Supplied records:
* * * * * * *

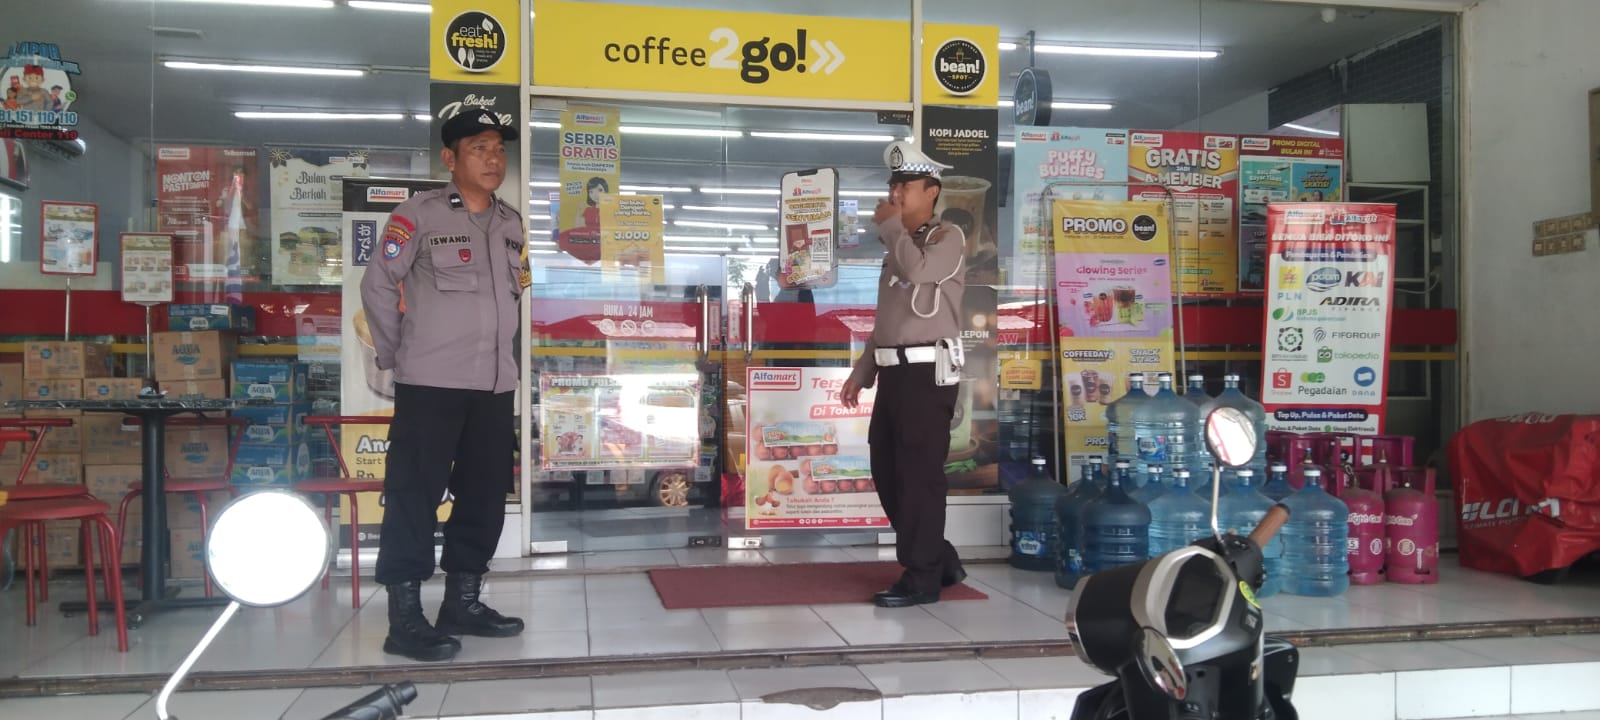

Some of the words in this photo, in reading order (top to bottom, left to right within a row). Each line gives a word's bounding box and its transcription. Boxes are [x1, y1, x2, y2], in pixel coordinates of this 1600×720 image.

[459, 24, 482, 37] eat
[451, 32, 498, 49] fresh!
[940, 58, 980, 74] bean!
[463, 93, 497, 106] Baked
[16, 110, 34, 123] 151
[37, 112, 56, 124] 110
[59, 112, 77, 125] 110
[564, 132, 616, 146] SERBA
[929, 128, 952, 138] KOPI
[954, 129, 989, 138] JADOEL
[1271, 139, 1296, 147] PROMO
[1296, 140, 1320, 148] DIGITAL
[562, 146, 618, 160] GRATIS
[1047, 149, 1096, 167] Puffy
[1145, 148, 1221, 171] GRATIS
[1038, 160, 1105, 180] Buddies
[163, 170, 210, 184] NONTON
[295, 171, 326, 185] Bulan
[369, 188, 406, 197] Alfamart
[1062, 217, 1127, 234] PROMO
[430, 235, 471, 246] ISWANDI
[614, 230, 650, 241] 3.000
[357, 223, 372, 262] おでん
[1344, 270, 1385, 288] KAI
[1277, 292, 1302, 300] PLN
[1319, 296, 1381, 306] ADIRA
[603, 303, 623, 316] BUKA
[628, 304, 638, 316] 24
[639, 305, 654, 318] JAM
[1296, 308, 1318, 316] BPJS
[1331, 331, 1381, 340] FIFGROUP
[172, 343, 200, 354] AQUA
[1063, 349, 1115, 360] COFFEEDAYS
[1334, 351, 1380, 360] tokopedia
[753, 371, 797, 381] Alfamart
[1297, 385, 1348, 397] Pegadaian
[813, 406, 827, 417] Di
[830, 406, 858, 416] Toko
[356, 456, 382, 465] Start
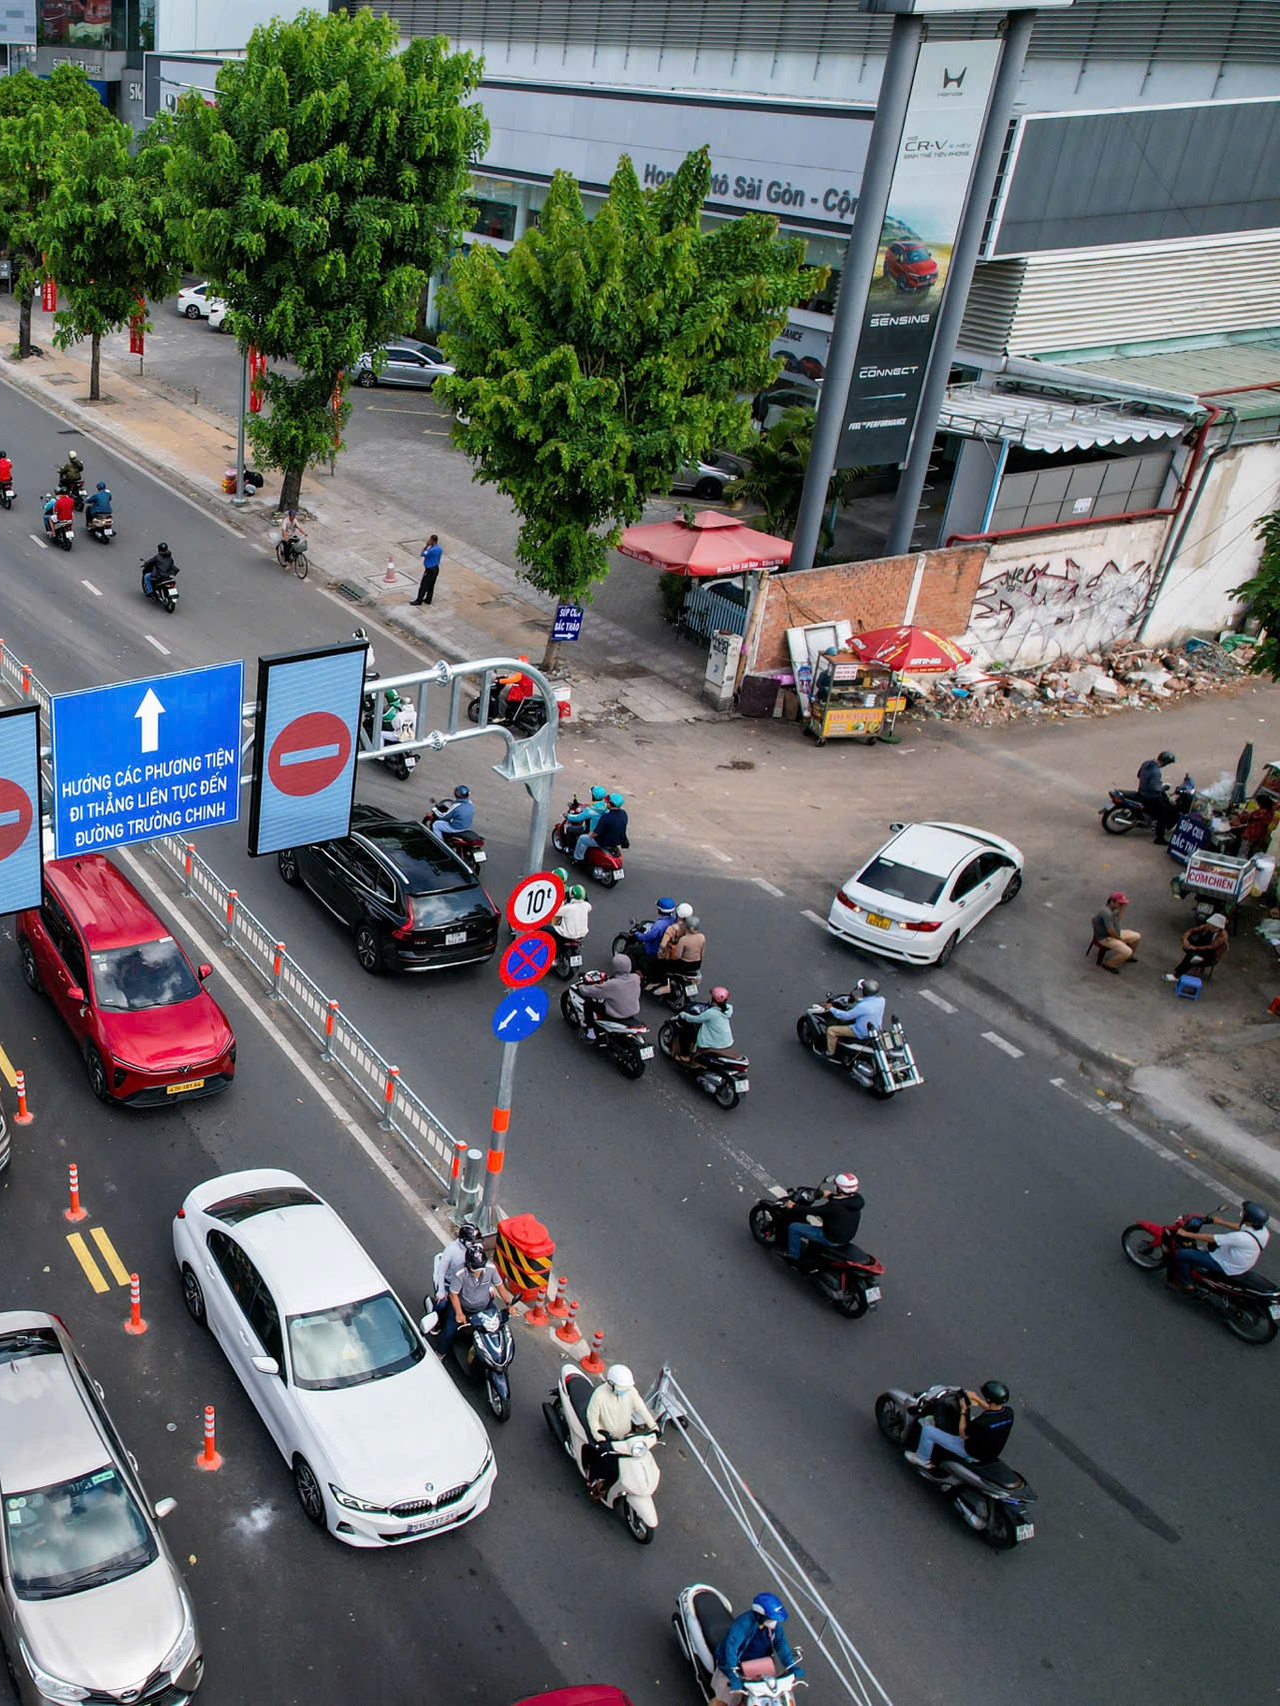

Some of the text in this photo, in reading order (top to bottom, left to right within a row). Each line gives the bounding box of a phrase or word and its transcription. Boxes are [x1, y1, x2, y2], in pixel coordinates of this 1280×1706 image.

[129, 83, 143, 101] SK
[905, 140, 948, 152] CR-V
[733, 175, 763, 201] Sài
[766, 182, 806, 208] Gòn
[823, 188, 861, 219] Cộn
[869, 314, 930, 328] SENSING
[859, 366, 919, 379] CONNECT
[865, 418, 907, 429] PERFORMANCE
[554, 619, 566, 631] BÁC
[62, 748, 234, 798] HƯỚNG CÁC PHƯƠNG TIỆN
[70, 771, 227, 822] ĐI THẲNG LIÊN TỤC ĐẾN
[75, 801, 226, 847] ĐƯỜNG TRƯỜNG CHINH
[1171, 831, 1199, 854] BÁC THẢ
[1208, 876, 1234, 891] CHIÊN

* * * * * * *

Problem to work on: Every record above should be duplicated precisely, with the images removed.

Expected answer:
Some of the words in this photo, in reading order (top to bottom, left to right within a row). Each line gives a word's bounding box and its transcription. Boxes are [x1, y1, x2, y2], in pixel coordinates of this 1600×720 image.

[459, 24, 482, 37] eat
[451, 32, 498, 49] fresh!
[940, 58, 980, 74] bean!
[463, 93, 497, 106] Baked
[16, 110, 34, 123] 151
[37, 112, 56, 124] 110
[59, 112, 77, 125] 110
[564, 132, 616, 146] SERBA
[929, 128, 952, 138] KOPI
[954, 129, 989, 138] JADOEL
[1271, 139, 1296, 147] PROMO
[1296, 140, 1320, 148] DIGITAL
[562, 146, 618, 160] GRATIS
[1047, 149, 1096, 167] Puffy
[1145, 148, 1221, 171] GRATIS
[1038, 160, 1105, 180] Buddies
[163, 170, 210, 184] NONTON
[295, 171, 326, 185] Bulan
[369, 188, 406, 197] Alfamart
[1062, 217, 1127, 234] PROMO
[430, 235, 471, 246] ISWANDI
[614, 230, 650, 241] 3.000
[357, 223, 372, 262] おでん
[1344, 270, 1385, 288] KAI
[1277, 292, 1302, 300] PLN
[1319, 296, 1381, 306] ADIRA
[603, 303, 623, 316] BUKA
[628, 304, 638, 316] 24
[639, 305, 654, 318] JAM
[1296, 308, 1318, 316] BPJS
[1331, 331, 1381, 340] FIFGROUP
[172, 343, 200, 354] AQUA
[1063, 349, 1115, 360] COFFEEDAYS
[1334, 351, 1380, 360] tokopedia
[753, 371, 797, 381] Alfamart
[1297, 385, 1348, 397] Pegadaian
[813, 406, 827, 417] Di
[830, 406, 858, 416] Toko
[356, 456, 382, 465] Start

Some of the text in this photo, in reading order (top to bottom, left to right within a row). Each line gives the bounding box of a phrase or word and its transcription. Boxes are [x1, y1, x2, y2], in pixel coordinates of this 1280×1706 image.

[129, 83, 143, 101] SK
[905, 140, 948, 152] CR-V
[733, 175, 763, 201] Sài
[766, 182, 806, 208] Gòn
[823, 188, 861, 219] Cộn
[869, 314, 930, 328] SENSING
[859, 366, 919, 379] CONNECT
[865, 418, 907, 429] PERFORMANCE
[554, 619, 566, 631] BÁC
[62, 748, 234, 798] HƯỚNG CÁC PHƯƠNG TIỆN
[70, 771, 227, 822] ĐI THẲNG LIÊN TỤC ĐẾN
[75, 801, 226, 847] ĐƯỜNG TRƯỜNG CHINH
[1171, 831, 1199, 854] BÁC THẢ
[1208, 876, 1234, 891] CHIÊN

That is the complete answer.